Cito testualmente la lettera di Ghirelli: “ … vi chiedo di utilizzare gli strumenti in vostro possesso per escludere dai vostri stadi quei criminali che, offendendo i vostri amati colori, si sono resi protagonisti delle violenze e delle aggressioni avvenute domenica pomeriggio”.
Abbiamo detto che un tifoso è stato arrestato ( e, mi permetto di precisare che prima di definirlo “criminale” bisognerebbe conoscere, quanto meno, la sua fedina penale e forse ancora ci sarebbe da discutere), ma gli altri?
In base a cosa sarebbero “criminali”? Sono stati identificati, esistono delle prove concrete che identifichino delle responsabilità? Si sono registrati danni a persone o a cose? Qualcuno ha ascoltato anche la versione di questi “criminali”?
I violenti devono essere puniti, ma sparare nel mucchio non mi pare proprio un atteggiamento virtuoso.
Adesso è nato anche “l’Istituto del gradimento” di cui Ghirelli invoca l’utilizzo concreto.
Facciamo il punto della situazione sanzionatoria.
C’è il processo penale per le violazioni del relativo codice e su questo siamo tutti d’accodo.

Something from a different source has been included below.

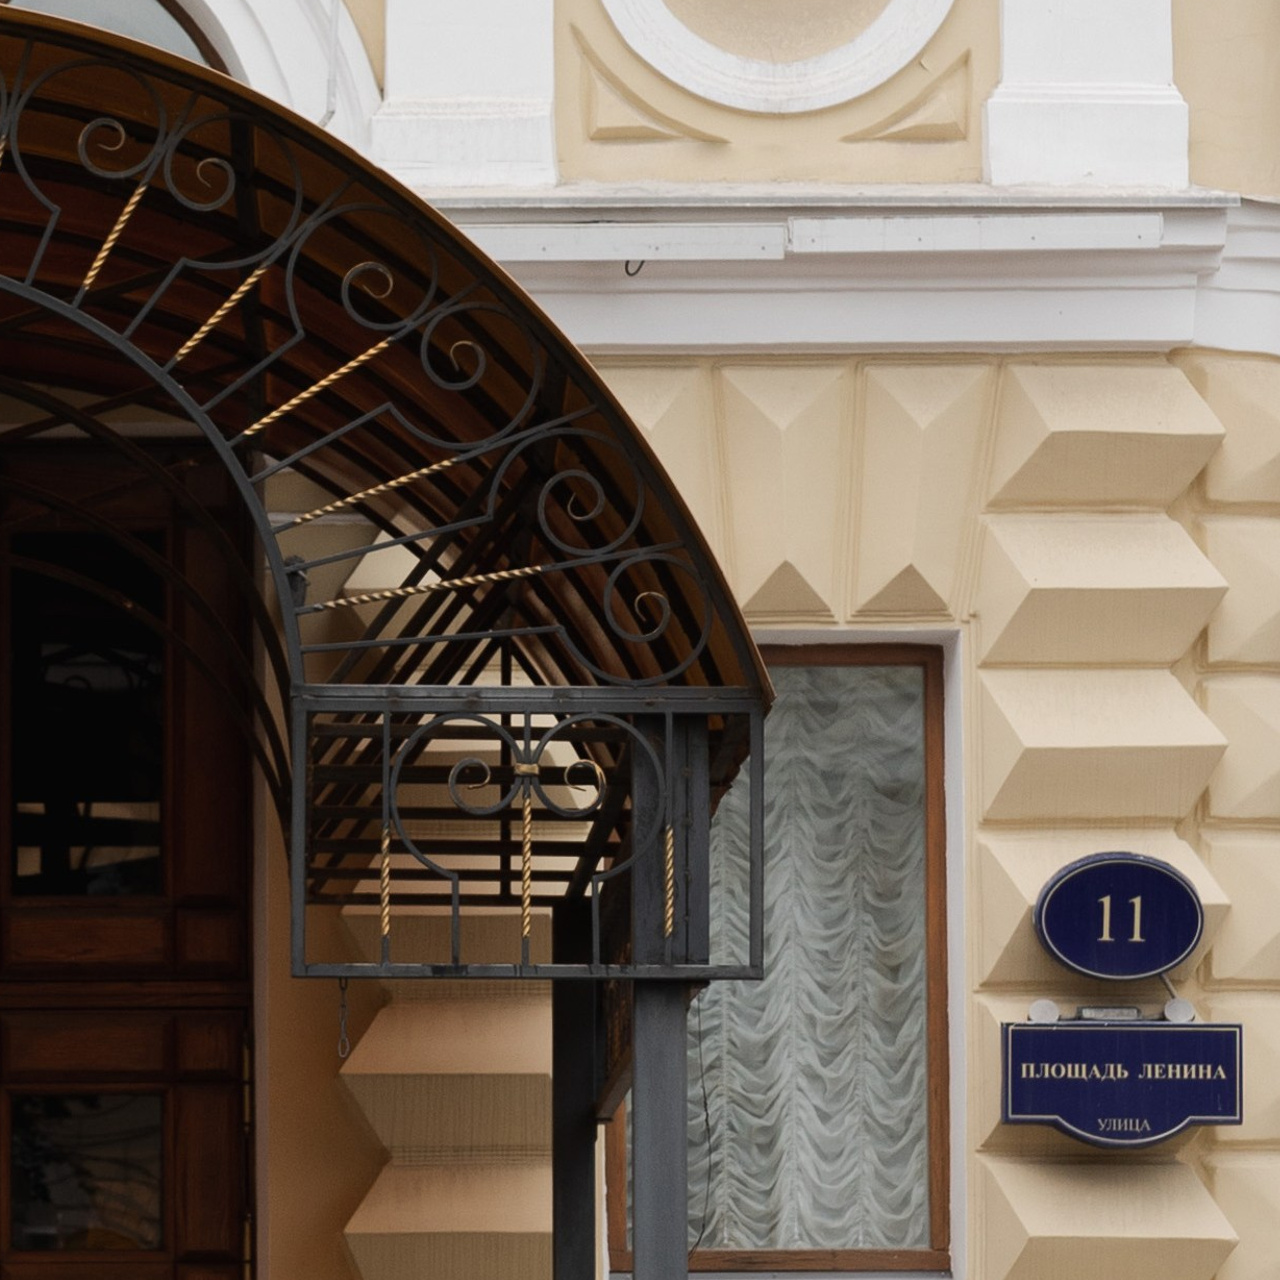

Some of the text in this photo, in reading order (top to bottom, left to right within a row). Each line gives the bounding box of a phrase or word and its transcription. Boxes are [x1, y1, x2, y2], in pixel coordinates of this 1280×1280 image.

[1097, 895, 1145, 942] 11
[1021, 1063, 1227, 1081] ПЛОЩАДЬ ЛЕНИНА
[1097, 1118, 1151, 1132] УЛИЦА

Esiste poi il DASPO, ossia il divieto di accedere a manifestazioni sportive, che, essendo considerato una misura di prevenzione, può essere emesso anche solo per una segnalazione e quindi indipendentemente dall’esito dell’eventuale processo penale relativo ai fatti cui esso si riferisce. In questo caso, quindi, la possibilità di difendersi è già molto più labile.
Adesso è arrivato l’istituto del “gradimento” in mano ai Presidenti delle società, sulla base del relativo “codice di gradimento” che anche l’Alessandria ha dovuto adottare: se non sei “gradito”, non ti faccio entrare allo stadio. Il concetto di “gradimento” è veramente vago ed inconsistente.
In questo caso, quindi, il “diritto alla difesa” mi sembra ancora più labile e impossibile da esercitare.
Non è questa la sede per fare delle disquisizioni di diritto: io voglio solo sottolineare che non ritengo giusto criminalizzare tutta una categoria di tifosi.
Si è ormai creato un clima di “caccia alle streghe” che non mi piace assolutamente: quale esempio dà un sistema che infligge sanzioni che rischiano di essere solo una manifestazione di forza, senza alcun rispetto delle “ragioni” della controparte e, direi, dei cardini stessi del diritto?
Senza le curve, senza il tifo organizzato il calcio muore.
E’ troppo forte l’impressione che ci vogliano tutti a casa, sul divano, a consumare i prodotti dei “brevi messaggi pubblicitari”.